### What is expected
The records are to be repeated exactly, and any images in them are to be dropped.

### Records supplied

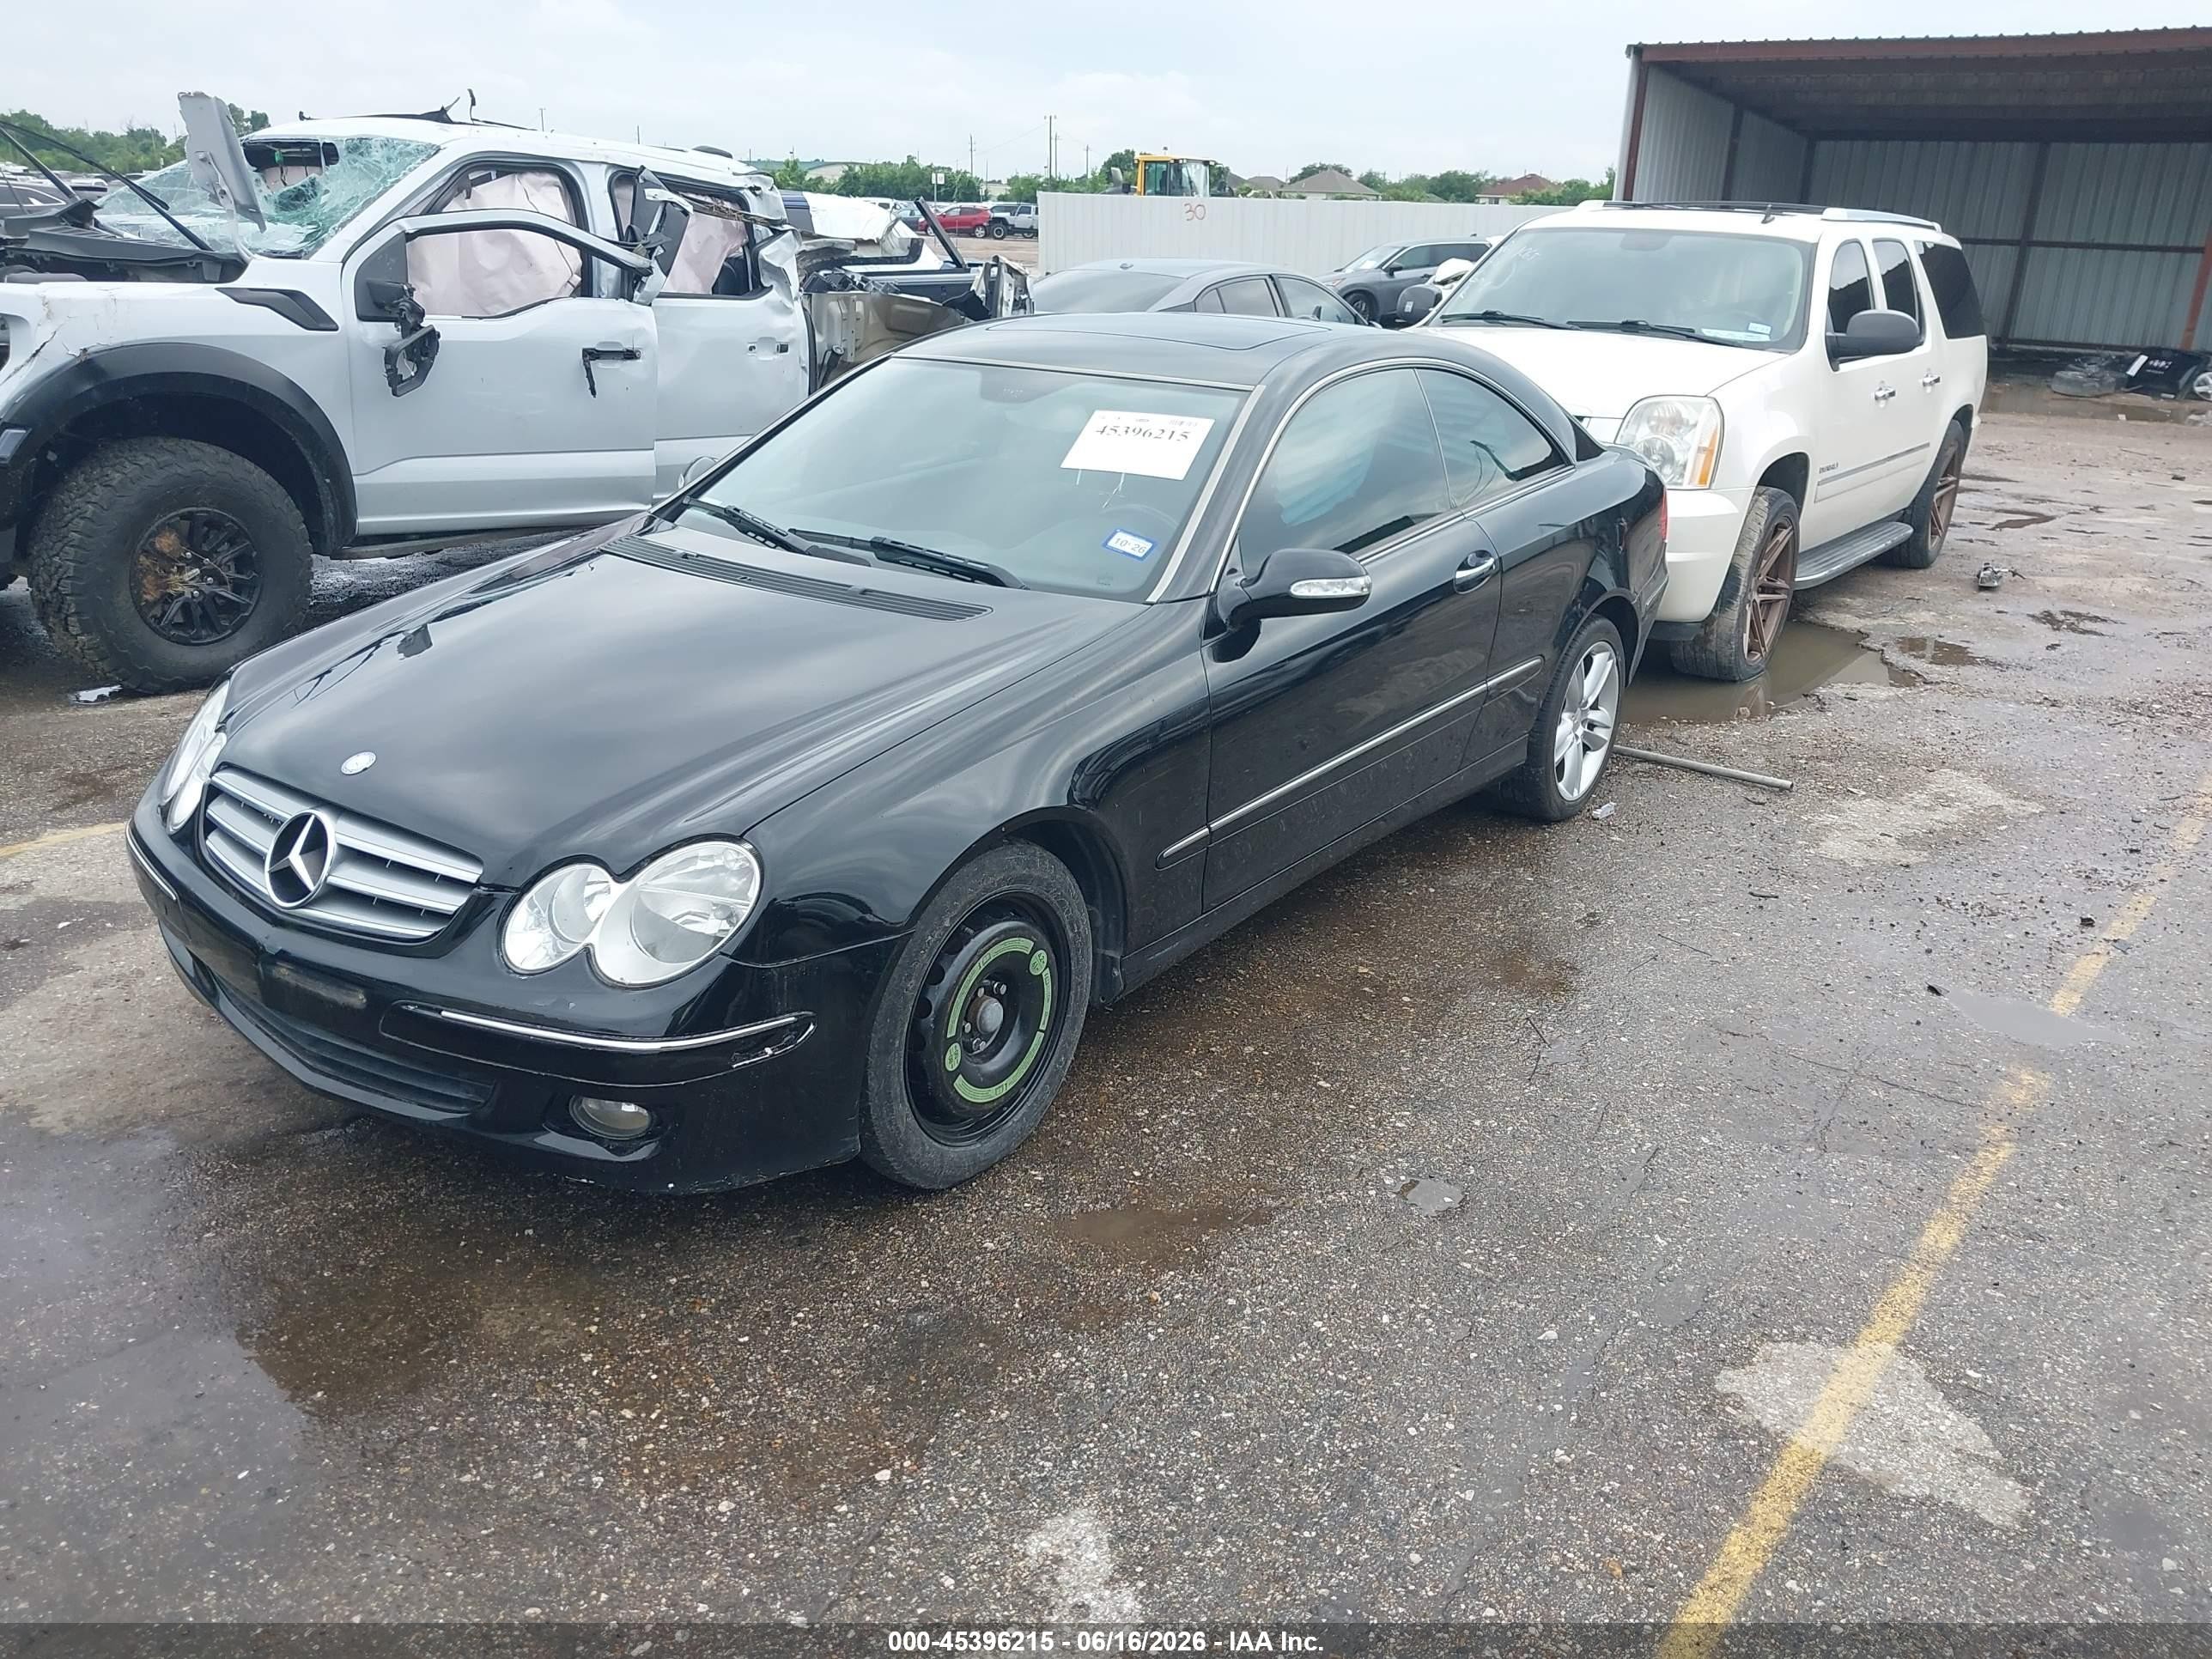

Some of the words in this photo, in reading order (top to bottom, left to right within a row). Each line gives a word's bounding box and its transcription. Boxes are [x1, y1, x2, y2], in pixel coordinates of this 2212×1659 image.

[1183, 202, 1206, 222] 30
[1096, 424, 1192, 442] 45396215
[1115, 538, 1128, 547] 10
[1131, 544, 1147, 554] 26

### Solved problem
Some of the words in this photo, in reading order (top to bottom, left to right within a row). Each line gives a word's bounding box and its transcription. Boxes are [x1, y1, x2, y2], in pixel coordinates of this 2212×1659 image.

[1183, 202, 1206, 222] 30
[1096, 424, 1192, 442] 45396215
[1115, 538, 1128, 547] 10
[1131, 544, 1147, 554] 26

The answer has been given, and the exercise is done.